Sébastien Houbani : « Le jugement, c’est l’ennemi du comédien »

Venu d’un monde où la prédestination n’était pas cinématographique, Sébastien Houbani s’est imposé peu à peu sur nos écrans avec un talent magnétique et quelques films marquants comme « Noces » de Stephan Streker ou « La Part Sauvage » de Guérin van de Vorst. Présent au FIFF en tant que juré courts-métrages, nous avons eu l’occasion de discuter avec lui. Rencontre avec un jeune acteur qui n’a pas fini de faire parler de lui.

Sébastien Houbani
©Fabian Rigaux

Bonjour Sébastien, on est très heureux de te rencontrer aujourd’hui d’autant plus qu’on est tombé en admiration pour au moins un film que tu as fait : « Noces », de Stephan Streker. C’est un film qui a fait beaucoup de bruit et pour lequel tu as reçu un prix d’interprétation à Angoulême. Est-ce que tu ressens un avant et un après « Noces » ?

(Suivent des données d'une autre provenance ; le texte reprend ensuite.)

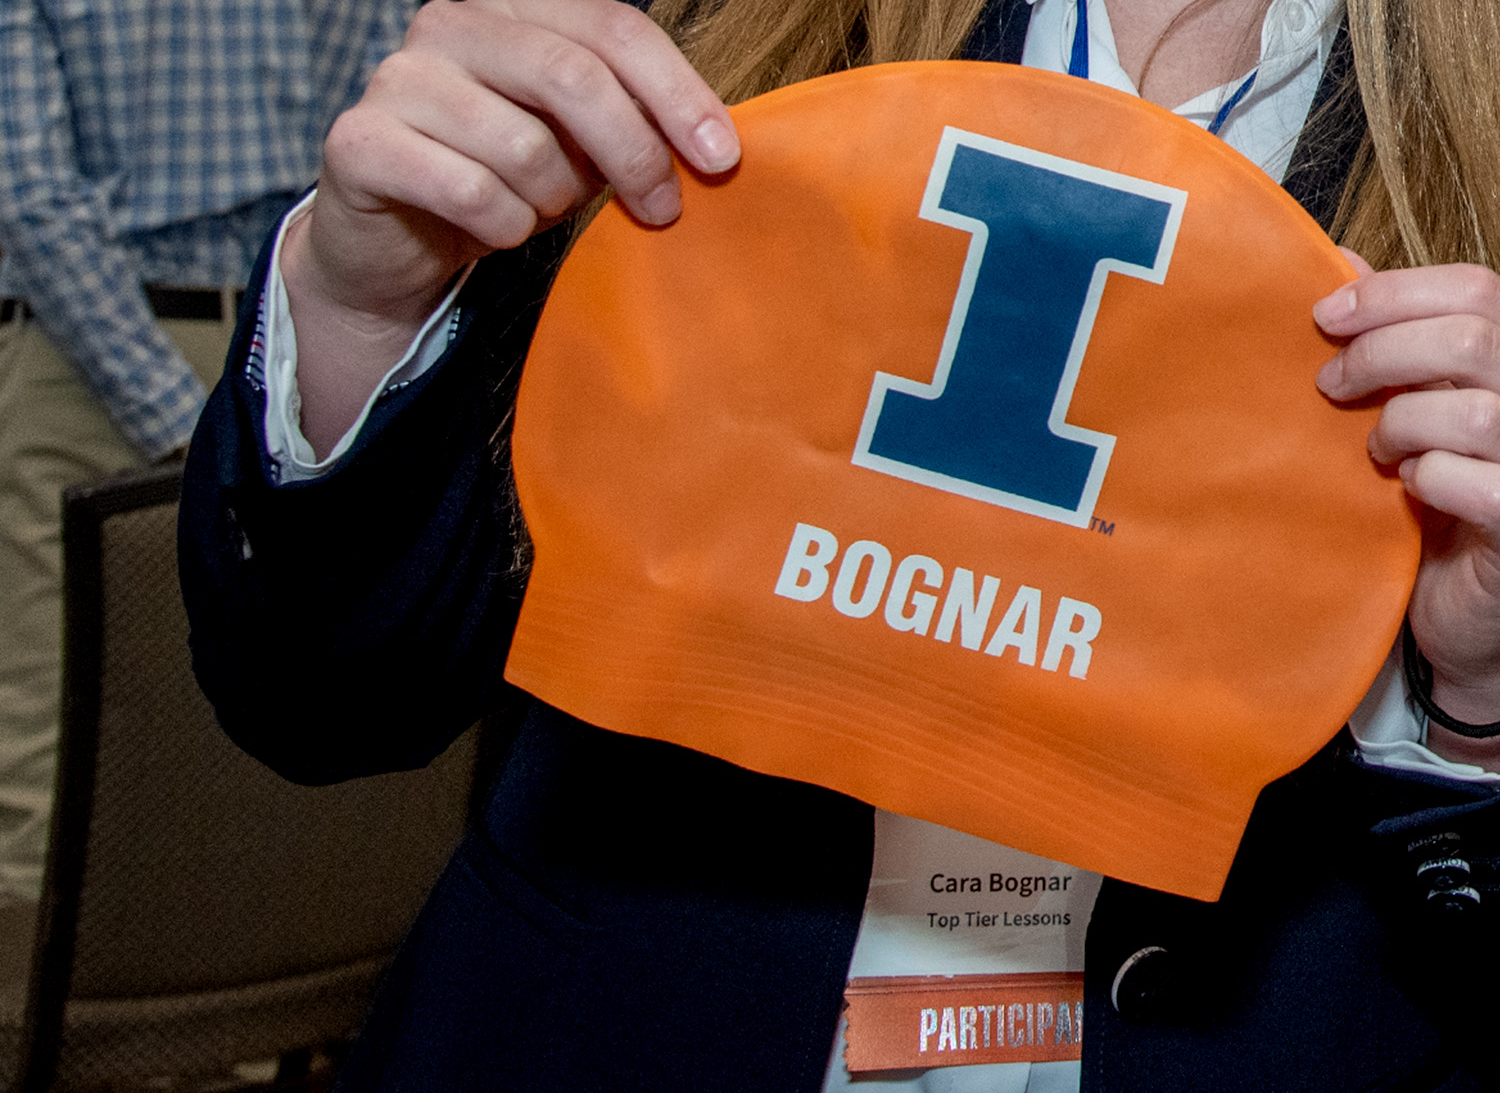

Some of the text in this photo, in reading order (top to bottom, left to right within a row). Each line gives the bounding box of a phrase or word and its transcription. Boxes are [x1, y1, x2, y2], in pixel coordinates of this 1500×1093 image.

Très sincèrement, je n’ai pas senti trop de changement. Je t’avoue qu’il y a pas mal de projets que je n’ai pas voulu faire surtout parce que quand on ressort d’un film comme « Noces », il y a un côté très décevant après: on te propose des rôles beaucoup moins forts. Et puis, je suis toujours à l’étape des castings à passer, je dois me battre pour décrocher des rôles, bosser dur. Il y a des rôles qui peuvent faire émerger un acteur pour que, d’un coup, il reçoive trente scénarios dans sa boîte aux lettres, ça n’a pas été mon cas.

C’est vrai que ça ne fait que quelques années qu’on te connaît, tu as eu une autre vie avant. Tu as été cuisinier avant de devenir acteur…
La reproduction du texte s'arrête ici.